(What you will do) Without including any pictures, reproduce the full listing exactly.

(Records shown)
◆ ◆ ◆ ◆ ◆
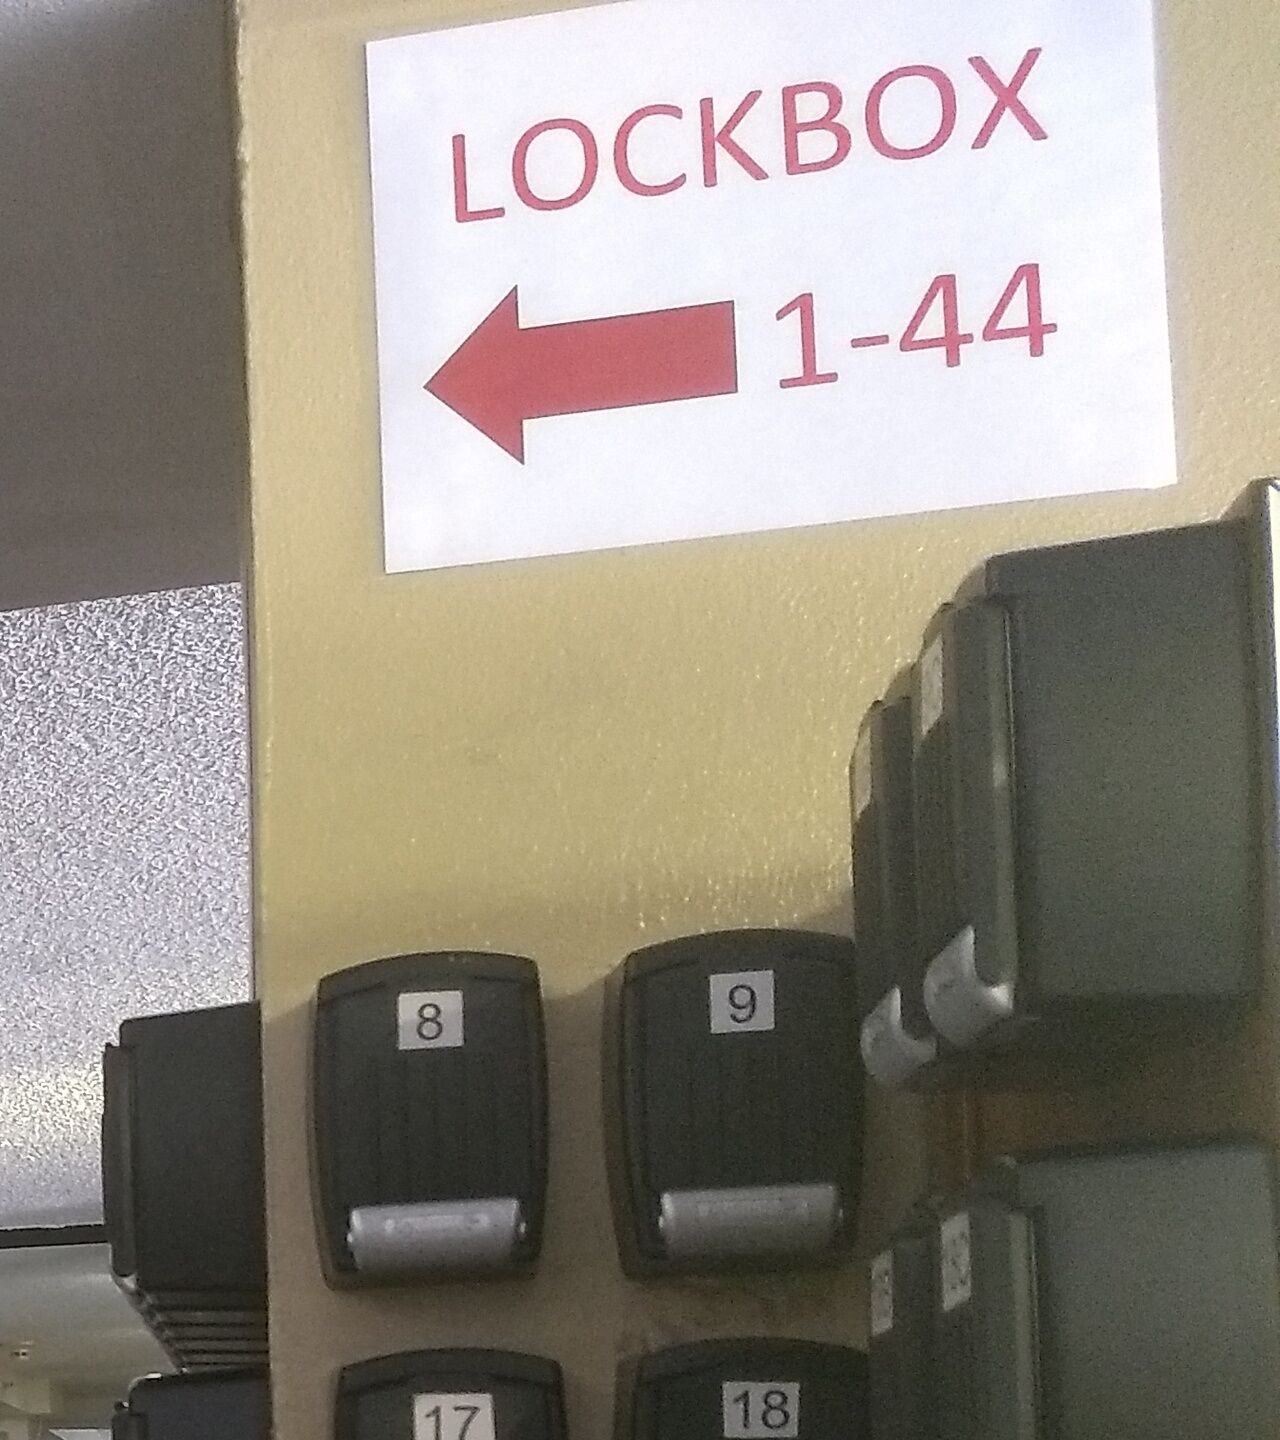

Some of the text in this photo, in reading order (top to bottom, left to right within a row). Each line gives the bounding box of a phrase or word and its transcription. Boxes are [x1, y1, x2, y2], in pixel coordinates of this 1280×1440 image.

[451, 47, 1048, 223] LOCKBOX
[774, 262, 1057, 389] 1-44
[415, 1002, 444, 1042] 8
[728, 983, 757, 1024] 9
[733, 1389, 791, 1430] 18
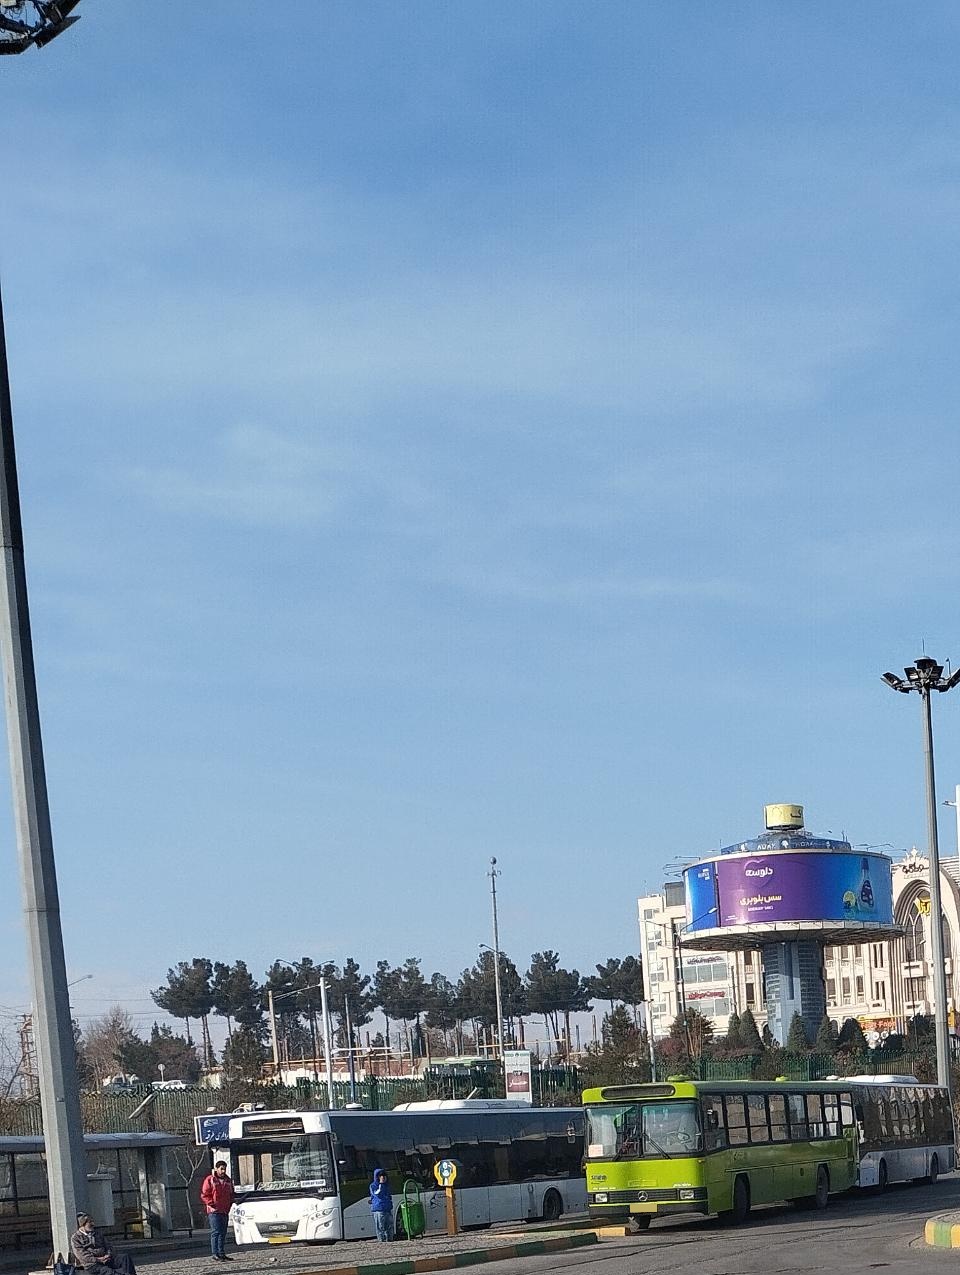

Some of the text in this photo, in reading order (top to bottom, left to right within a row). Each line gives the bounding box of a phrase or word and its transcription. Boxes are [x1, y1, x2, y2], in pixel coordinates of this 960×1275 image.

[745, 866, 773, 878] دلوسه
[740, 894, 782, 906] سس بلوبری
◆ ◆ ◆ ◆ ◆
(Your solution)
Some of the text in this photo, in reading order (top to bottom, left to right within a row). Each line gives the bounding box of a phrase or word and its transcription. Boxes are [x1, y1, x2, y2], in pixel coordinates of this 1280×1440 image.

[451, 47, 1048, 223] LOCKBOX
[774, 262, 1057, 389] 1-44
[415, 1002, 444, 1042] 8
[728, 983, 757, 1024] 9
[733, 1389, 791, 1430] 18

Some of the text in this photo, in reading order (top to bottom, left to right within a row). Each line gives the bounding box of a phrase or word and its transcription. Boxes are [x1, y1, x2, y2], in pixel coordinates of this 960×1275 image.

[745, 866, 773, 878] دلوسه
[740, 894, 782, 906] سس بلوبری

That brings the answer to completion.